Fuir la guerre et échapper à un génocide s’inscrivent dans le visible. Ce qui reste dans l’ombre, c’est ce qui s’est tu, ce qui s’est ensilencé et risque de nous échapper. Monte alors le souffle indicible de tout ce qui respire par les pores de la mémoire : les êtres chers, les lieux, le temps compté, la langue maternelle, les mots comme les gens et la toute-puissance de tout ce qui n’a de cesse de nous habiter, de nous façonner. Parce que les mots, comme l’écrit Sanita Fejzić, sont « vivants ». 

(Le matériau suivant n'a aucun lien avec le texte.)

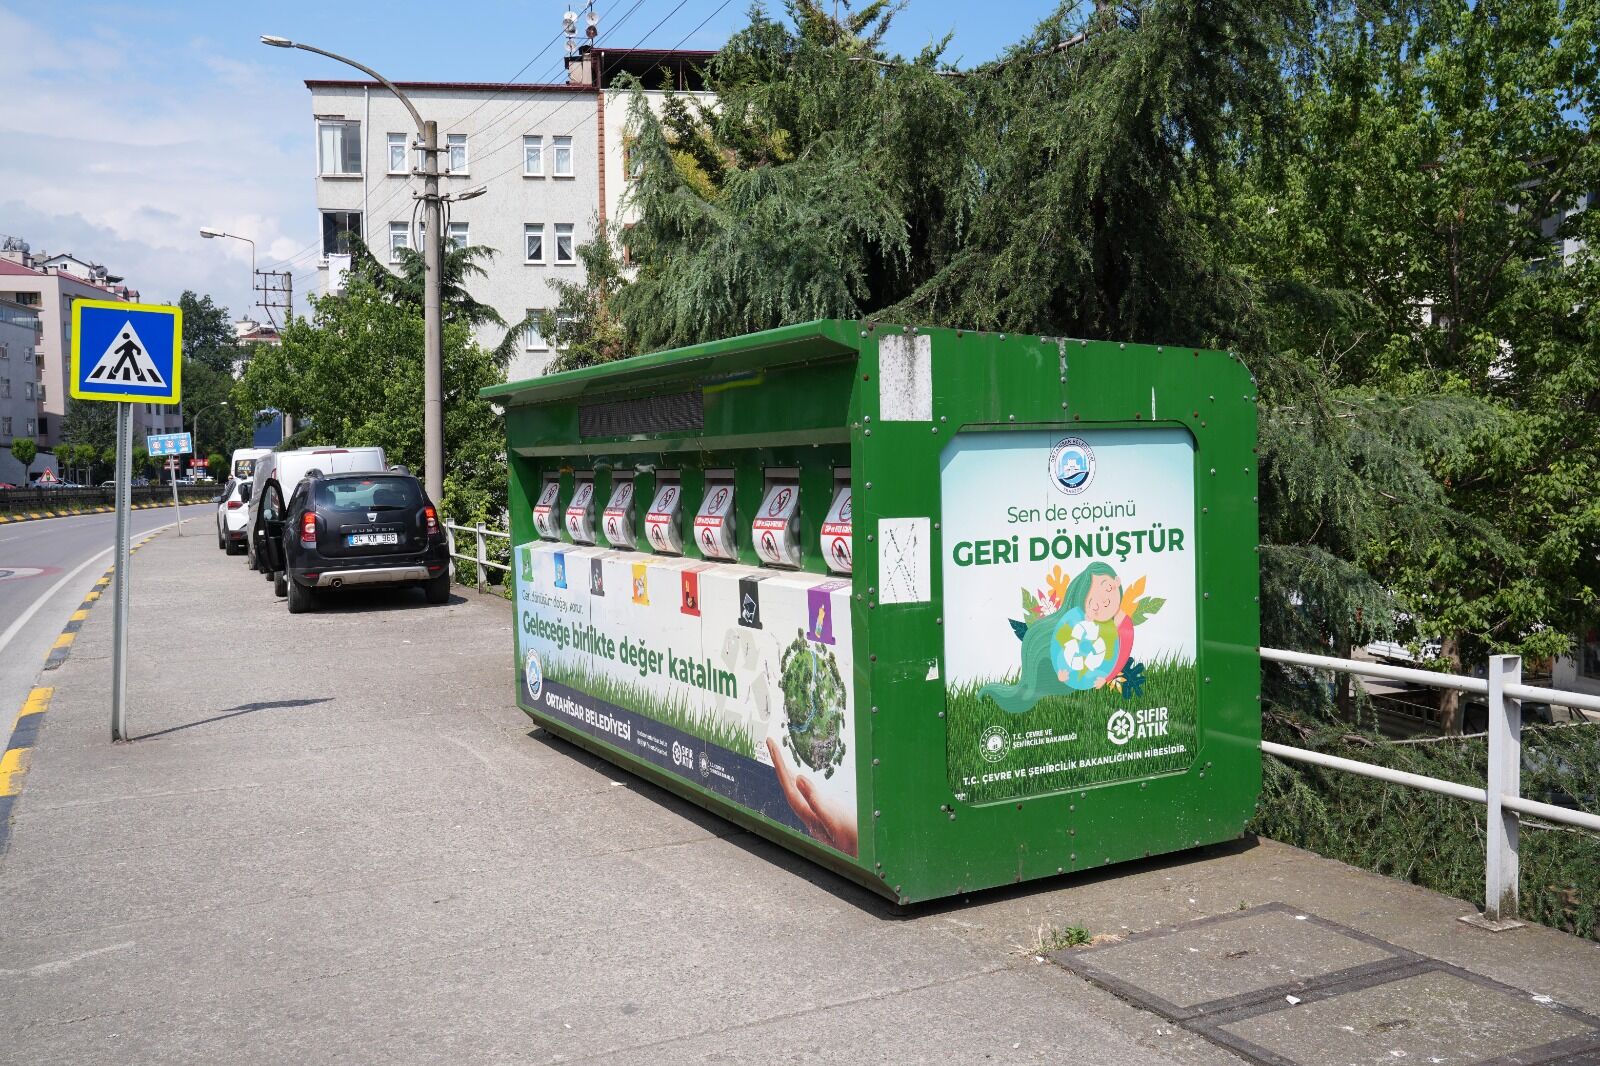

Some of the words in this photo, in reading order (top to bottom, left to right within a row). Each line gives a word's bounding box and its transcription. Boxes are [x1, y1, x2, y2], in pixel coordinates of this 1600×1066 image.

[1008, 506, 1040, 524] Sen
[1046, 504, 1067, 521] de
[1072, 500, 1136, 525] çöpünü
[354, 535, 363, 543] 34
[1030, 523, 1184, 562] DÖNÜŞTÜR
[522, 610, 570, 650] Geleceğe
[572, 620, 615, 660] birlikte
[619, 636, 664, 676] değer
[668, 648, 738, 698] katalım
[546, 691, 584, 721] ORTAHİSAR
[585, 709, 631, 741] BELEDİYESİ
[1136, 706, 1168, 724] SIFIR
[1025, 730, 1044, 738] ÇEVRE
[1137, 720, 1168, 738] ATIK
[1012, 737, 1045, 749] ŞEHİRCİLİK
[1045, 731, 1078, 744] BAKANLIĞI
[963, 776, 980, 786] T.C.
[982, 770, 1012, 785] ÇEVRE
[1014, 768, 1026, 778] VE
[1028, 758, 1077, 778] ŞEHİRCİLİK
[1079, 750, 1142, 768] BAKANLIĞI'NIN
[1144, 744, 1187, 759] HİBESİDİR.

Je ne sais pas où commence la passion des mots, le désir de les porter en soi, de capter leur écho ou de les avaler en silence, de se laisser éblouir par leur force d’évocation ou troubler par leur opacité. D’aussi loin que je me souvienne, le rapport que j’entretiens avec les mots se marie à « l’indicible » qui me rattache à la mer gaspésienne de l’enfance. Reste que des mots, du fleuve matanais et de la mer gaspésienne, du rituel de la lecture, de l’écriture, de la traduction, ou des dépôts de sel de mer collés à ma peau, émerge une sensation de trouble et d’innocence qui s’ouvre sur l’encore possible d’un début de quelque chose. Les mots, les phrases d’un texte, les vers d’un poème, tout ce qui prend corps me procure la même sensation que j’ai quand, de ma paume, je frôle l’eau du fleuve et que monte en moi la certitude qu’il me faut m’approcher de ce qui autrement risque de m’échapper : le monde, l’ailleurs, l’inconnu, le sacré, ou alors ce qui remue en moi ou en l’autre, à deux doigts de l’autre, de ce lieu intime qu’est l’autre.

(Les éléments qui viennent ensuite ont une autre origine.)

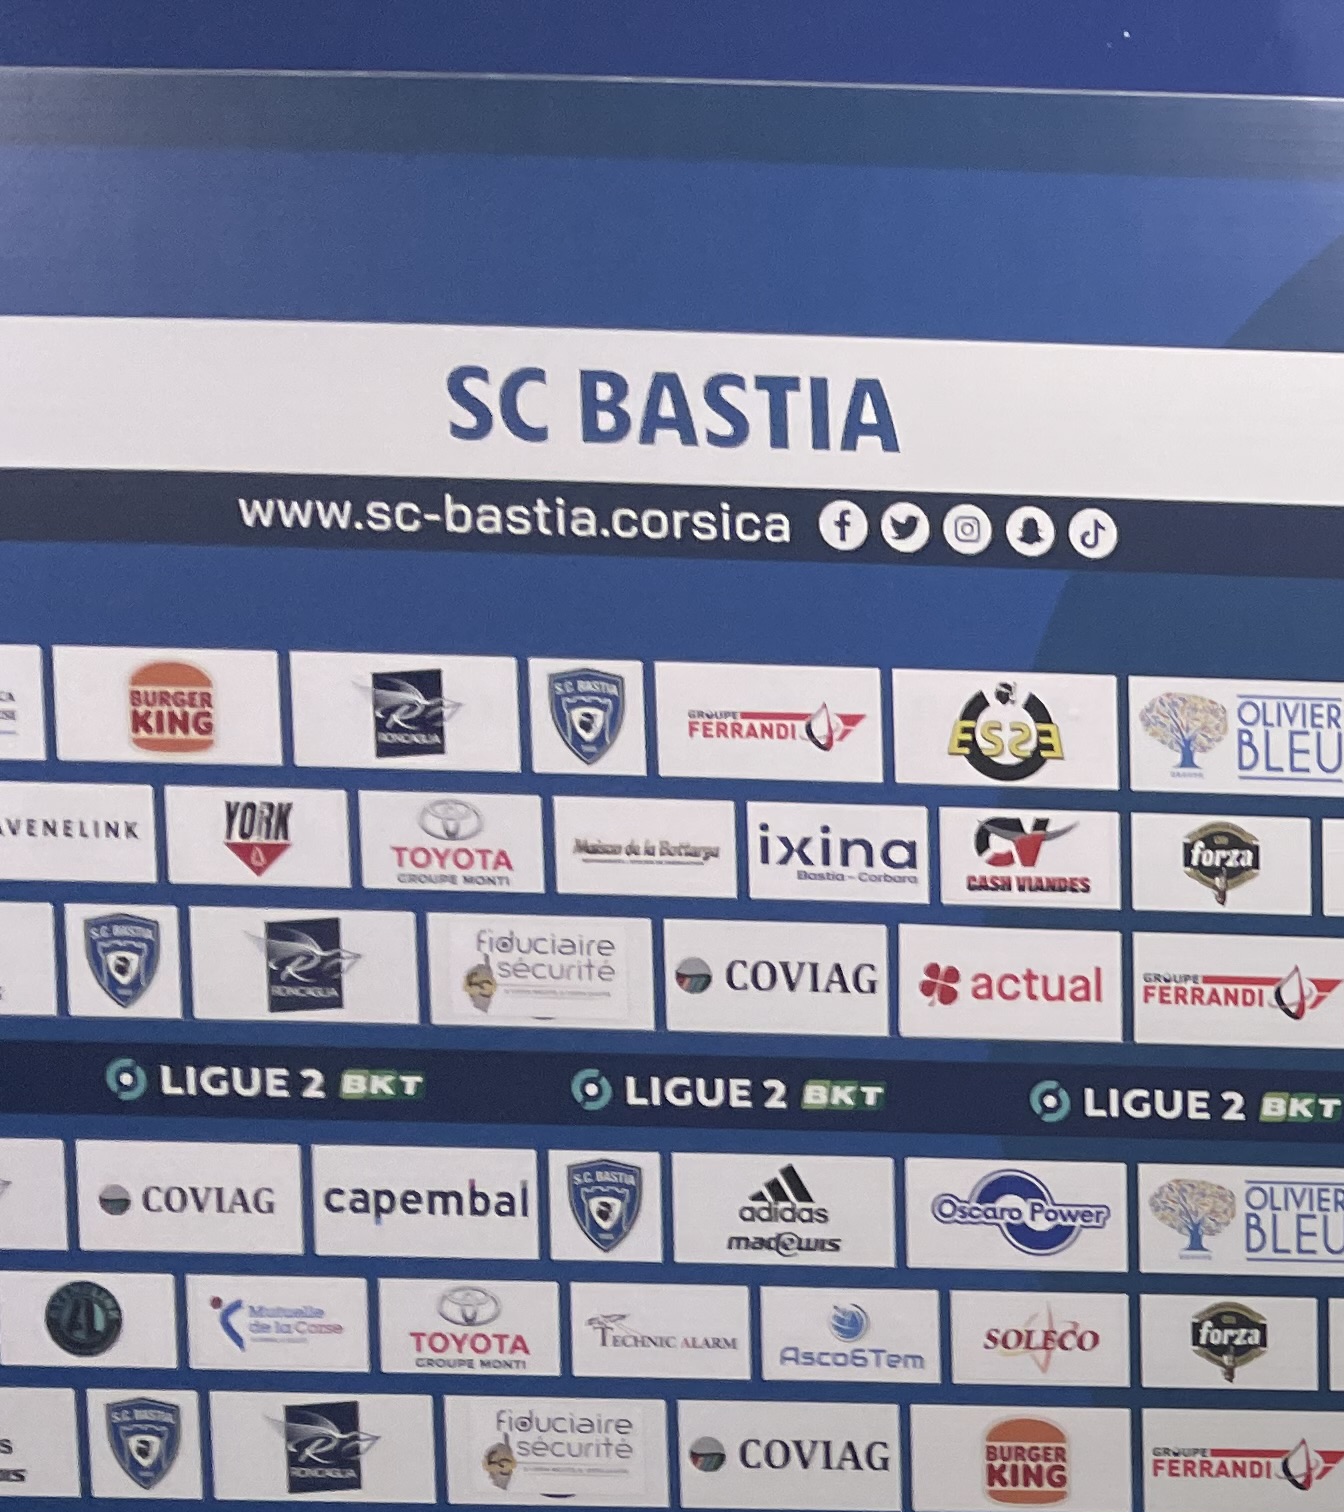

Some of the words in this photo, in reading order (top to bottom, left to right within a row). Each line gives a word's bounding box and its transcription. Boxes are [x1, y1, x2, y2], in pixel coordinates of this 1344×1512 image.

[447, 364, 548, 442] SC
[580, 369, 900, 453] BASTIA
[238, 492, 792, 544] www.sc-bastia.corsica
[129, 690, 213, 708] BURGER
[131, 711, 214, 736] KING
[1238, 700, 1342, 729] OLIVIER
[688, 722, 797, 740] FERRANDI
[1238, 730, 1343, 774] BLEU
[224, 801, 293, 841] YORK
[391, 846, 514, 871] TOYOTA
[758, 823, 918, 870] ixina
[1190, 843, 1255, 869] forza
[967, 876, 1012, 892] CASH
[1017, 876, 1090, 894] VIANDES
[725, 960, 877, 994] COVIAG
[971, 966, 1102, 1003] actual
[1143, 973, 1199, 984] GROUPE
[1143, 986, 1264, 1008] FERRANDI
[160, 1065, 290, 1098] LIGUE
[301, 1068, 325, 1099] 2
[343, 1074, 423, 1095] BKT
[1083, 1087, 1210, 1120] LIGUE
[1221, 1090, 1246, 1121] 2
[1262, 1096, 1342, 1118] BKT
[142, 1186, 275, 1214] COVIAG
[323, 1179, 529, 1225] capembal
[738, 1203, 829, 1223] adidas
[410, 1331, 530, 1356] TOYOTA
[598, 1326, 677, 1349] TECHNIC
[681, 1335, 738, 1350] ALARM
[983, 1328, 1099, 1351] SOLECO
[738, 1439, 890, 1472] COVIAG
[986, 1446, 1067, 1463] BURGER
[1153, 1447, 1208, 1458] GROUPE
[987, 1464, 1067, 1489] KING
[1153, 1460, 1272, 1479] FERRANDI

« Quel est le lieu du poète?(1) » demande l’essayiste québécois Pierre-Yves Soucy. Une question que je pourrais reformuler ainsi : Quel est le lieu de la poésie de Sanita Fejzić ? Tout en y accolant cette réponse désarmante de Soucy : « Nulle part ailleurs qu’ici. Ou mieux encore, nulle part, ici(2)».

Et c’est de ce nulle part, ici que je suis aussi. En traduction comme dans la vie : fleuve et femme, poète, fille et mère. À l’écoute de l’indicible qui remue les grandes eaux de la littérature, à l’affût des secousses qui n’ont de cesse de tous nous « traduire » et de nous donner à entendre l’autre. L’art, l’écriture, le langage, la traduction, la nécessité de laisser les effets de turbulence poursuivre leur mise en œuvre s’inscrivent dans cette conviction qu’avait Elizabeth Smart (et que j’ai) qu’avec les mots « je repeuple le monde entier. Je fais naître de nouveaux mondes dans des abris souterrains tandis que des bombes tombent au-dessus(3)»

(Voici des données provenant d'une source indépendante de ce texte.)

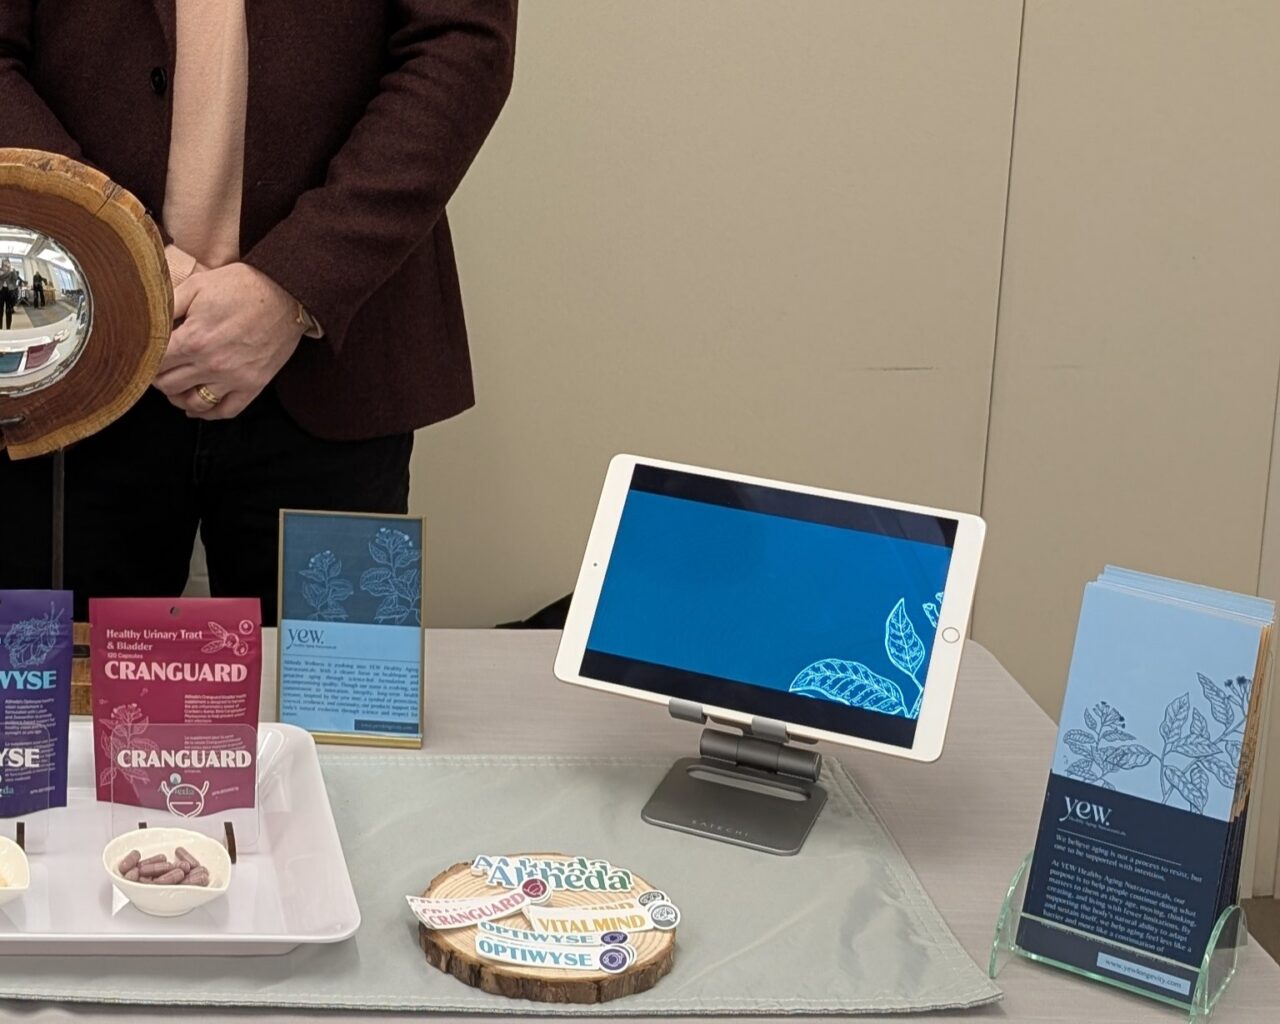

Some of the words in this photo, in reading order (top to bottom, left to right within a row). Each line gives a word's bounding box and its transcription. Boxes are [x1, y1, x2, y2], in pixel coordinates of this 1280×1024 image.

[106, 629, 141, 640] Healthy
[143, 629, 177, 641] Urinary
[180, 629, 203, 640] Tract
[107, 641, 114, 650] &
[116, 641, 153, 651] Bladder
[286, 628, 324, 650] yew.
[104, 660, 248, 683] CRANGUARD
[117, 749, 252, 768] CRANGUARD
[1059, 796, 1112, 826] yew.
[1068, 837, 1090, 849] believe
[1091, 846, 1109, 856] aging
[1190, 873, 1202, 883] but
[1118, 863, 1133, 872] with
[1078, 867, 1102, 880] Healthy
[1104, 875, 1123, 887] Aging
[1082, 887, 1099, 896] them
[1109, 895, 1123, 905] they
[1091, 880, 1105, 890] help
[1106, 886, 1129, 897] people
[1159, 901, 1178, 913] doing
[1179, 908, 1196, 917] what
[429, 892, 526, 926] CRANGUARD
[538, 915, 646, 933] VITALMIND
[1080, 904, 1091, 912] the
[1168, 933, 1187, 943] adapt
[1111, 921, 1125, 932] help
[1126, 928, 1144, 938] aging
[1174, 941, 1186, 950] like
[478, 940, 593, 967] OPTIWYSE

1   Pierre-Yves Soucy, « D’une vision en défaut de formule », Exit, vol. 69, Montréal, éditions gaz moutarde, 2012, p. 65. Ibid, p. 77.
Ibid.
3   Elisabeth Smart, À la hauteur de Grand Central Station je me suis assise et j’ai pleuré, traduction de Hélène Filion, Montréal, Les Herbes rouges, 2003, p. 62.